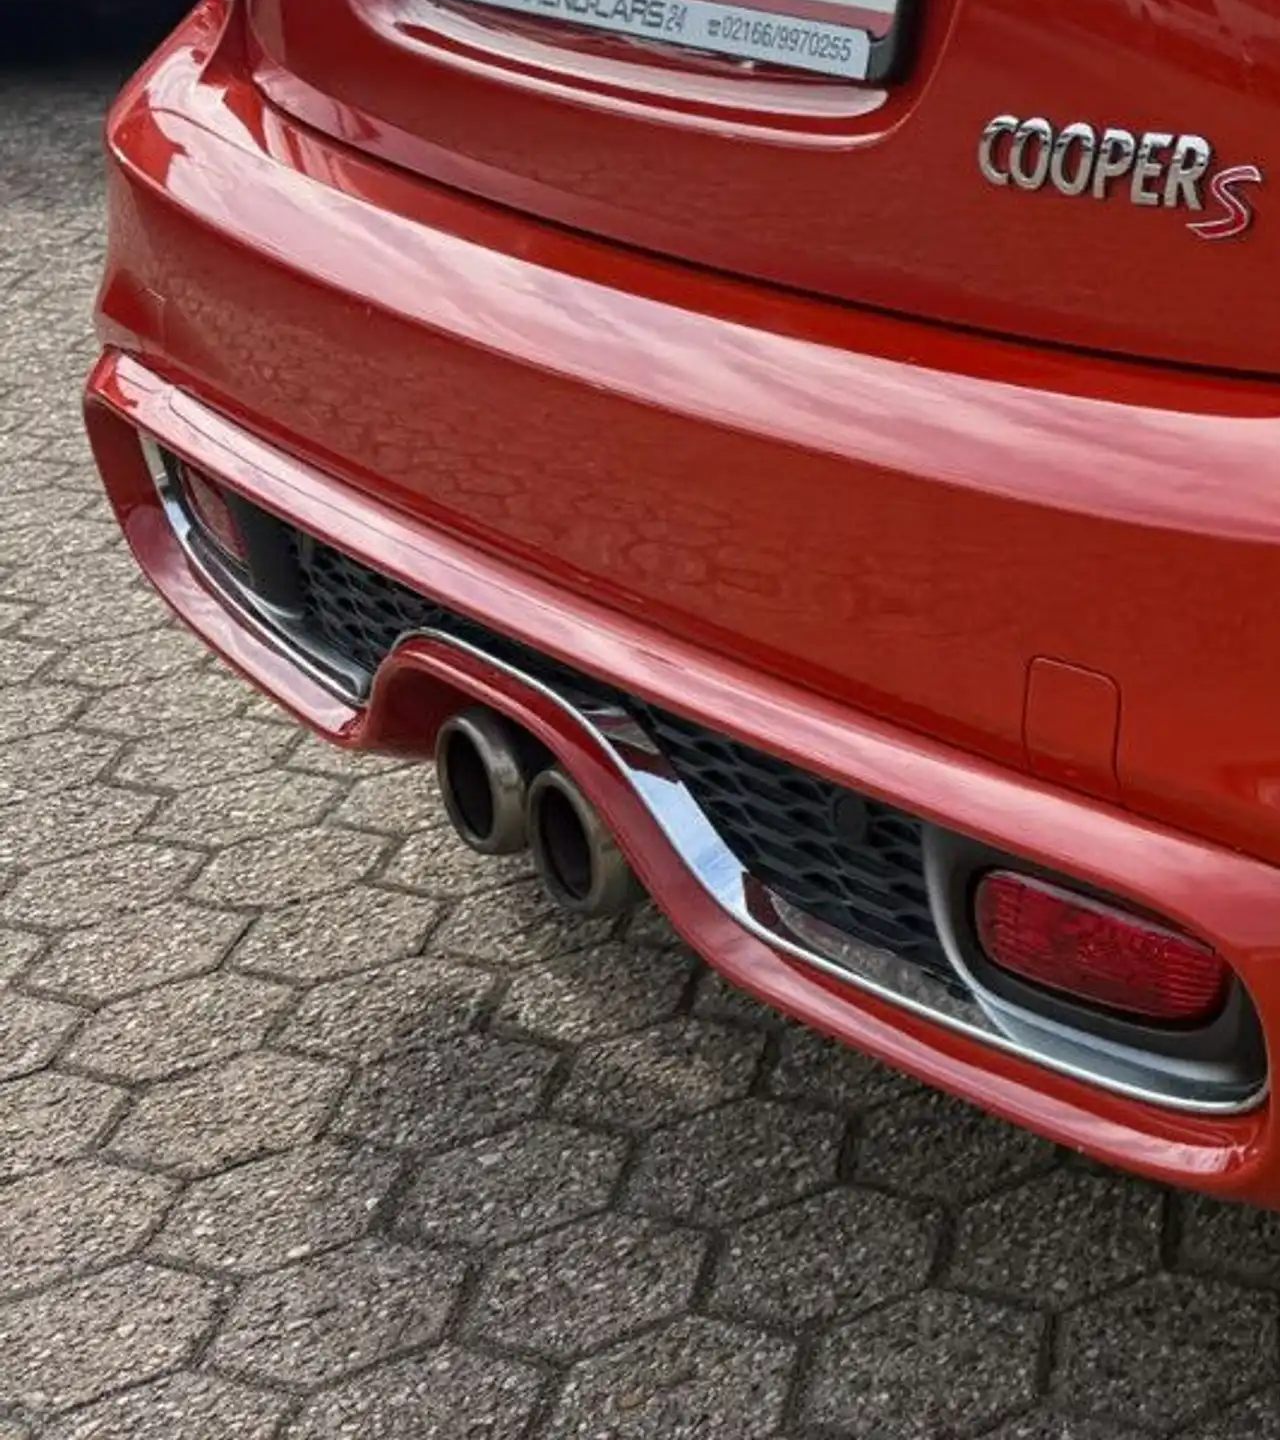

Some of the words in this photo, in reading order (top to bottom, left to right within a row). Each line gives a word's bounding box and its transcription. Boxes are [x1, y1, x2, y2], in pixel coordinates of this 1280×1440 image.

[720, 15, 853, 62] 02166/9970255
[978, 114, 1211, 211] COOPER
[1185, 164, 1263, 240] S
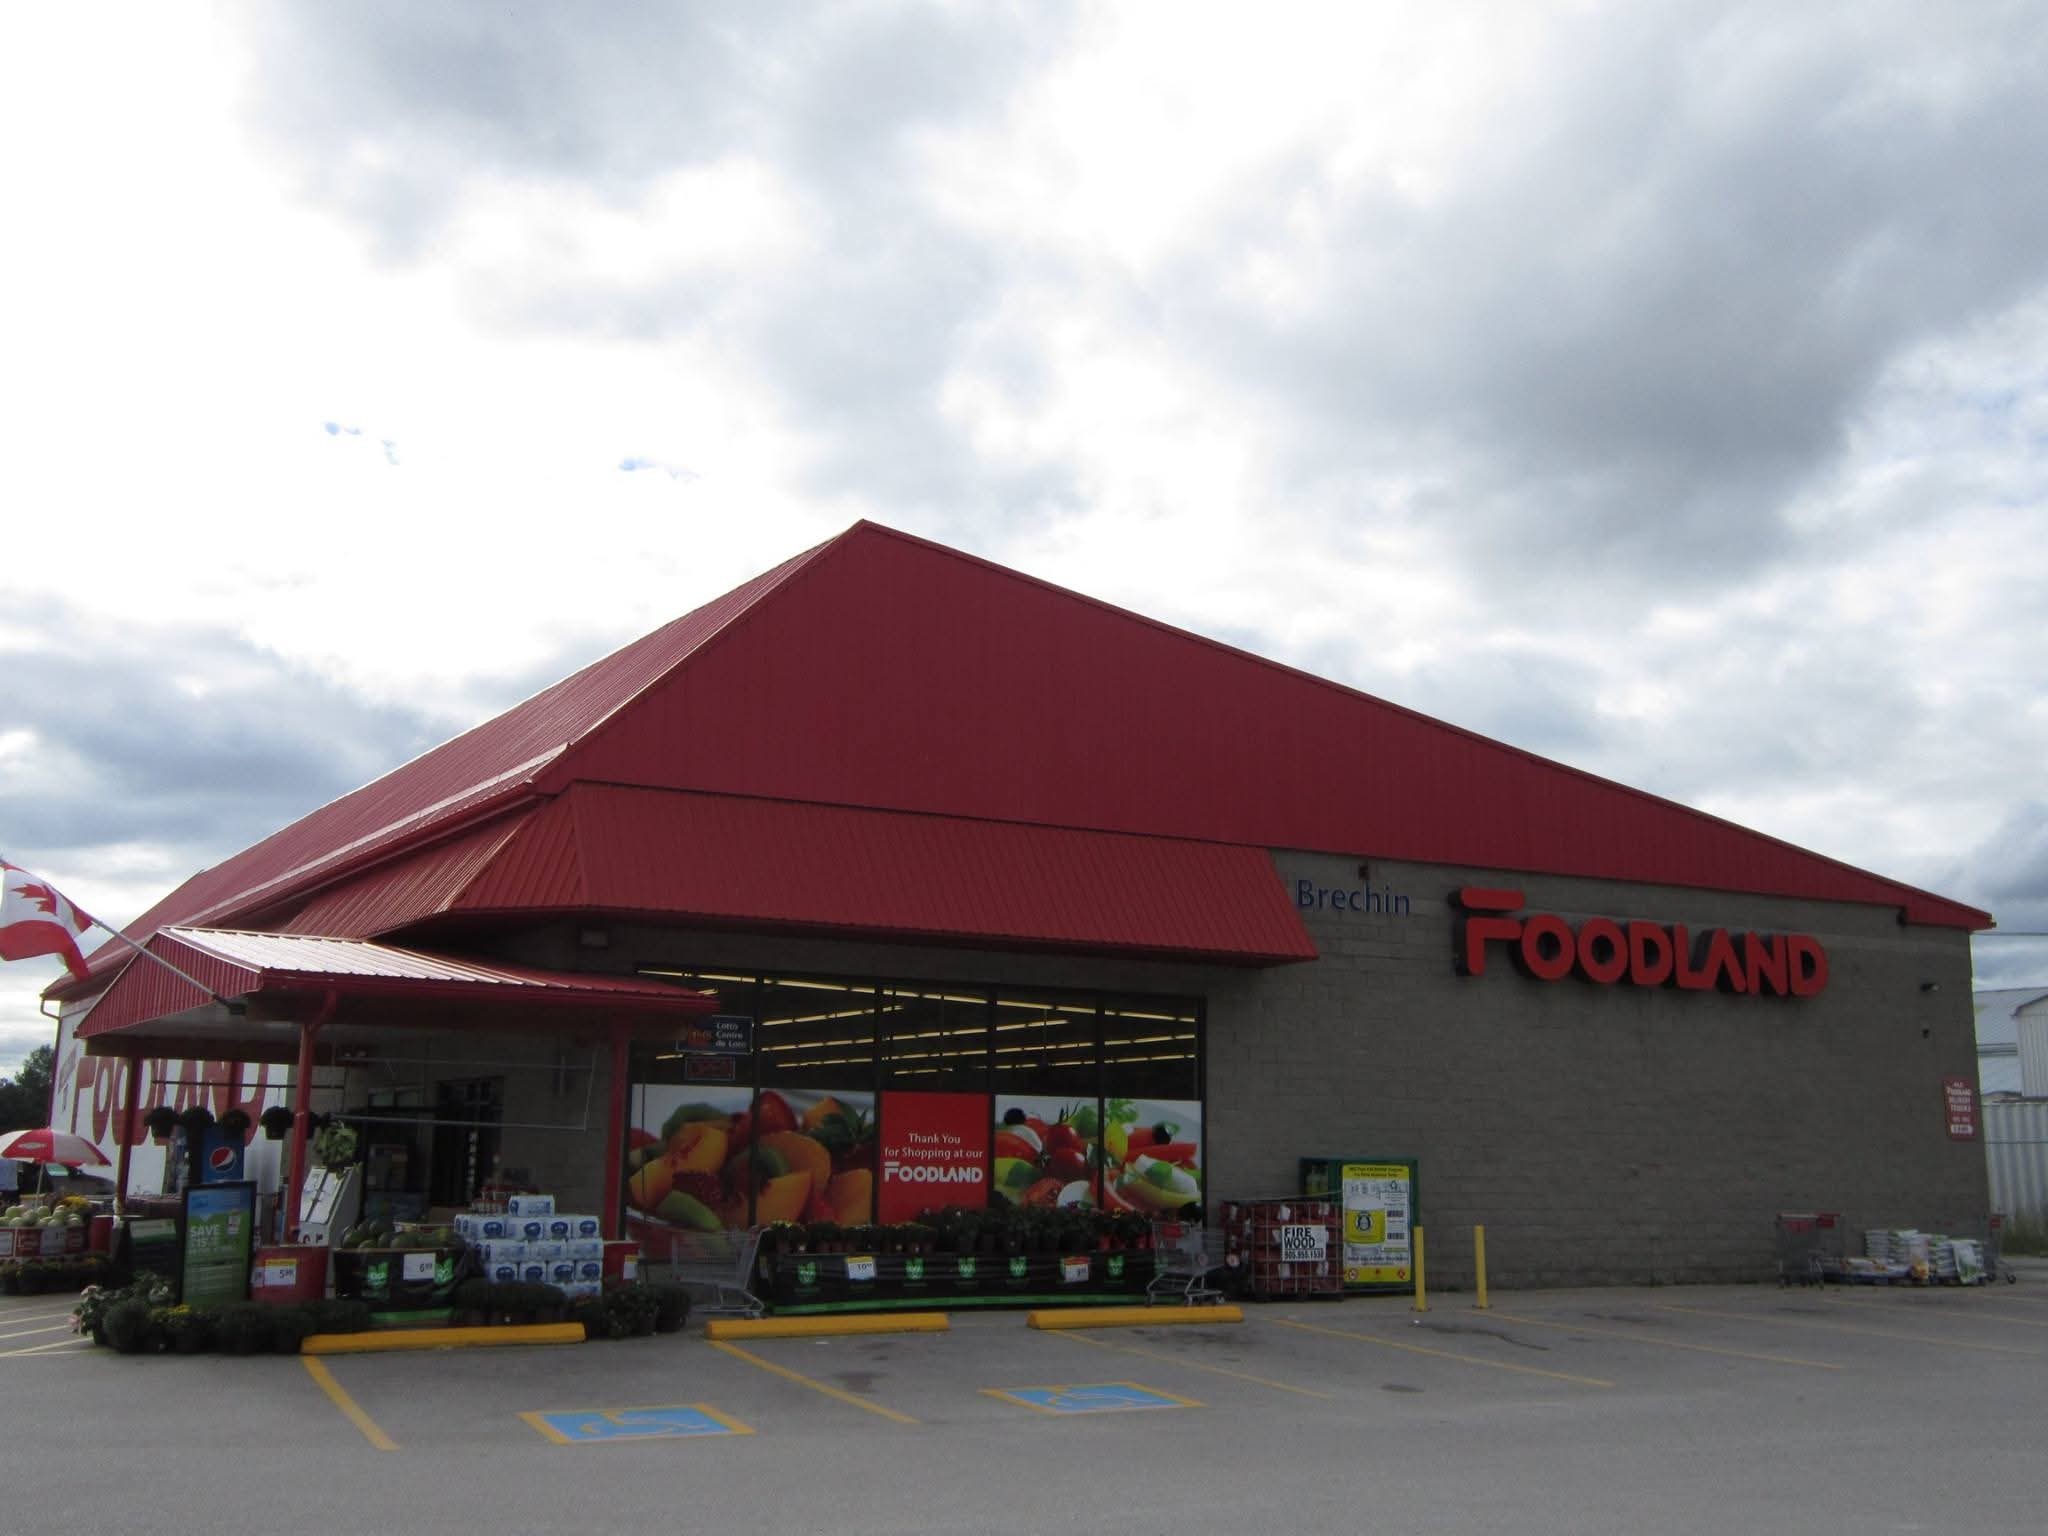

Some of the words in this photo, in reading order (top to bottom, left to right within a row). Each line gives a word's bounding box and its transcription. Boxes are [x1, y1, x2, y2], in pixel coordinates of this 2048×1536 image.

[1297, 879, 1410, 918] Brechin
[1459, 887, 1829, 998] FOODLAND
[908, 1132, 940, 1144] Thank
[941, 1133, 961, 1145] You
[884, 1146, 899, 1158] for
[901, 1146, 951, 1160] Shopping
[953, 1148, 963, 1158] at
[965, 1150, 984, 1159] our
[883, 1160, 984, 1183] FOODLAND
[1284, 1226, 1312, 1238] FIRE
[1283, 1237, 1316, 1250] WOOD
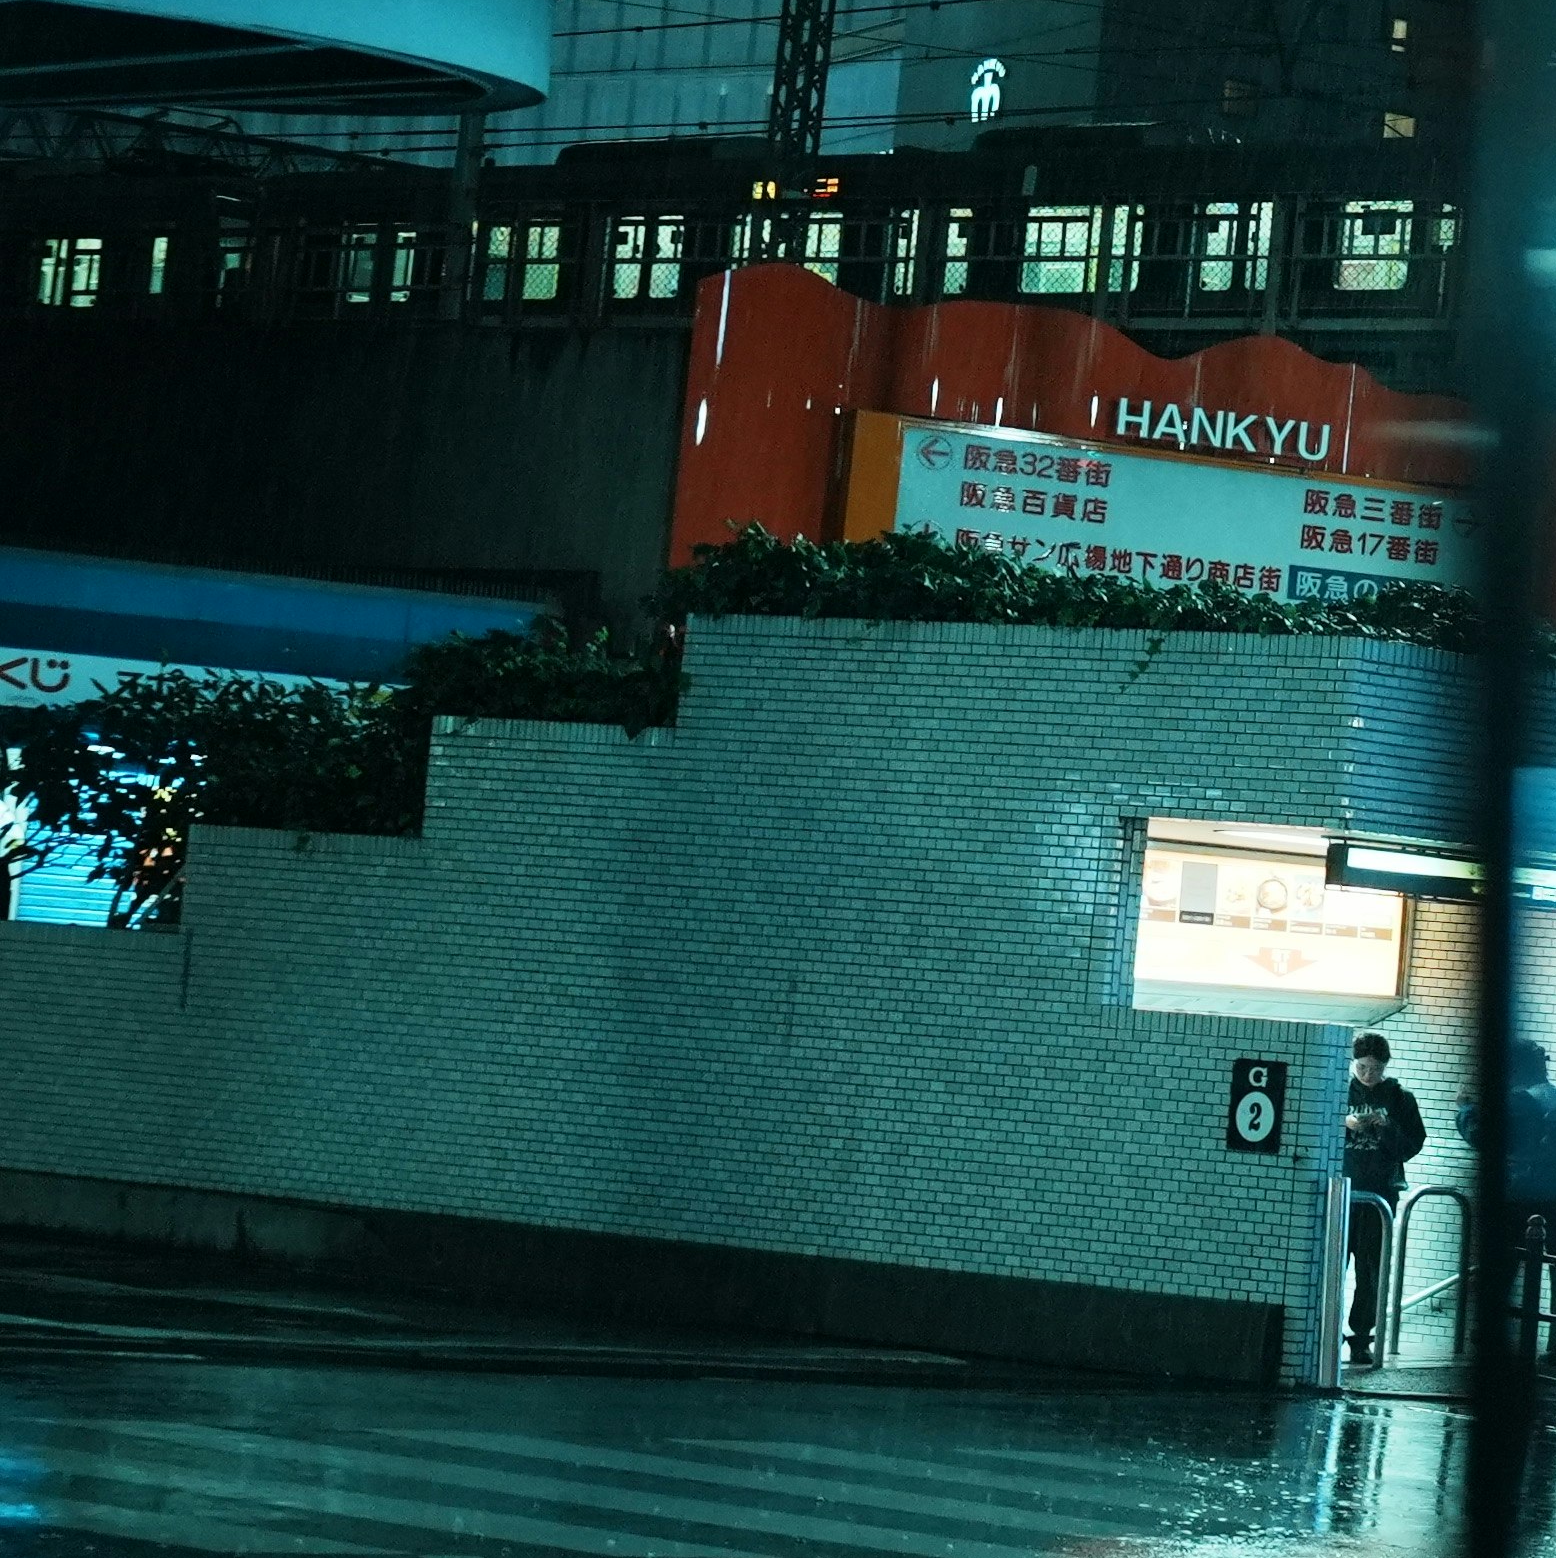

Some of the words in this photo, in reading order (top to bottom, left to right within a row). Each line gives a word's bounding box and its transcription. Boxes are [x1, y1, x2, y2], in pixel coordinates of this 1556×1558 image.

▶ [Task directions] What you return must match the records line for line, with the pictures left out.

▶ [Problem solution]
Some of the words in this photo, in reading order (top to bottom, left to right within a row). Each line gives a word's bounding box and its transcription. Boxes are [x1, y1, x2, y2], in pixel coordinates of this 1280×1440 image.

[720, 15, 853, 62] 02166/9970255
[978, 114, 1211, 211] COOPER
[1185, 164, 1263, 240] S

Some of the words in this photo, in reading order (top to bottom, left to right within a row). Each line gives a word's bounding box and its transcription. Boxes are [x1, y1, x2, y2], in pixel coordinates of this 2048×1536 image.

[1297, 879, 1410, 918] Brechin
[1459, 887, 1829, 998] FOODLAND
[908, 1132, 940, 1144] Thank
[941, 1133, 961, 1145] You
[884, 1146, 899, 1158] for
[901, 1146, 951, 1160] Shopping
[953, 1148, 963, 1158] at
[965, 1150, 984, 1159] our
[883, 1160, 984, 1183] FOODLAND
[1284, 1226, 1312, 1238] FIRE
[1283, 1237, 1316, 1250] WOOD

Some of the words in this photo, in reading order (top to bottom, left to right within a row). Each line gives a word's bounding box and its transcription. Boxes are [x1, y1, x2, y2], in pixel coordinates of this 1556×1558 image.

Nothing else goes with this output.